Fig. 3.

Nfkb2 deficiency in the stromal compartment ameliorates chemically induced colitis in mice. (A) Bar plot revealing relative frequencies of the indicated immune cells among CD45.2+ cells present in the lamina propria (LP) of WT and Nfkb2^−/− mice. Mice were either left untreated or administered with 2.5% DSS. The composition of LP cells was examined by flow cytometry. (B) Representative image showing H&E-stained colon sections derived from untreated or DSS-treated mice of the indicated genotypes (Top). Colon sections from untreated mice were additionally stained using Alcian Blue (Bottom).

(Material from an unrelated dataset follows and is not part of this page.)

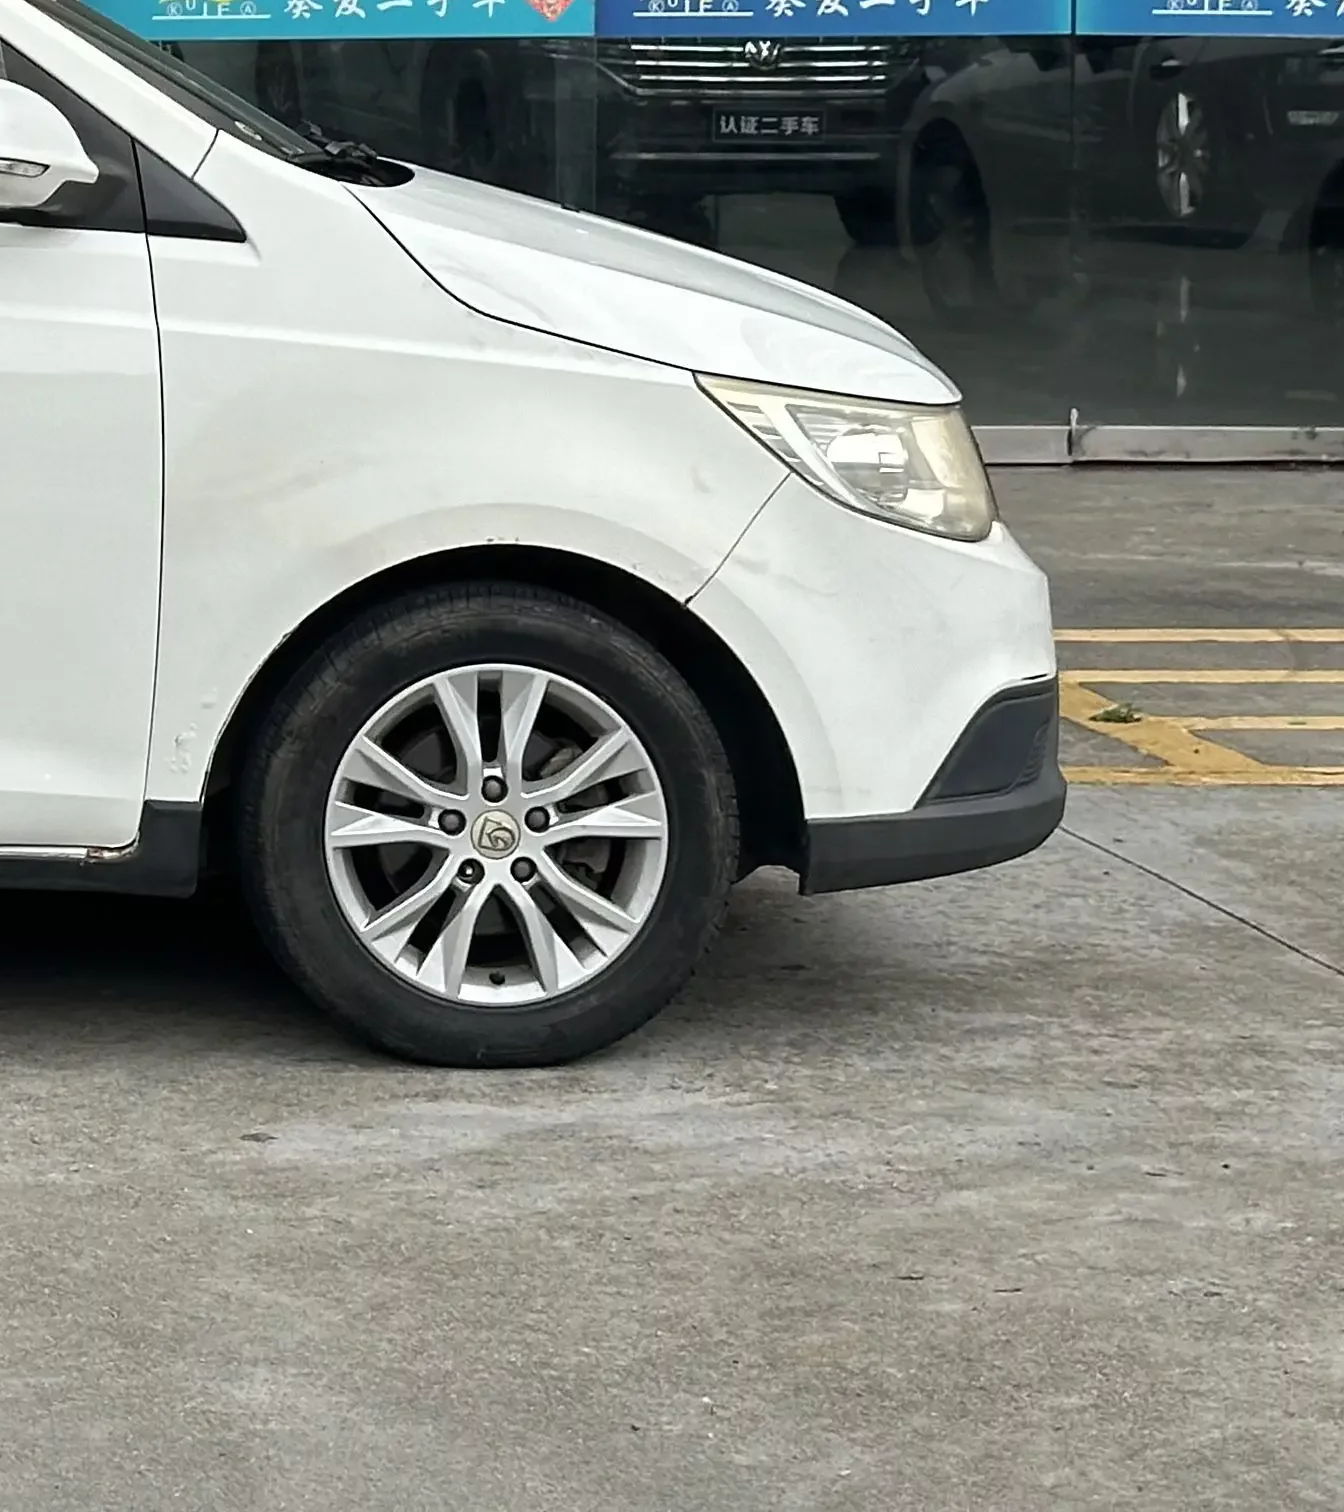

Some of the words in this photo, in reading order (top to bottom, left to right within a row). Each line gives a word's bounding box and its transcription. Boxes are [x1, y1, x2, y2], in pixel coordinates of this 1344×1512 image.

[719, 115, 820, 136] 认证二手车

The data represent n = 4; four fields per section and a total of five sections from each set were examined. Panels show 20× magnification. (C) Bar chart revealing the concentration of FITC-dextran in serum of untreated or DSS-treated WT and Nfkb2^−/− mice. FITC-dextran was gavaged 6 h prior to serum collection. (D) WT and Nfkb2^−/− mice were administered with 2.5% DSS for 7 d and monitored for survival for 14 d. (E–G) Reciprocal bone marrow chimera generated using WT and Nfkb2^−/− mice were subjected to 2.5% DSS treatment and then evaluated for the disease activity (E), body weight changes (F), and mortality (G). The statistical significance was determined by comparing WT to Nfkb2^−/− chimeras with WT to WT chimeras or Nfkb2^−/− to WT chimeras with Nfkb2^−/− to Nfkb2^−/− mice. Quantified data represent means ± SEM. For D and G, the statistical significance was determined using log-rank (Mantel–Cox) test. Otherwise, two-tailed Student’s t test was performed. ***P < 0.001; **P < 0.01.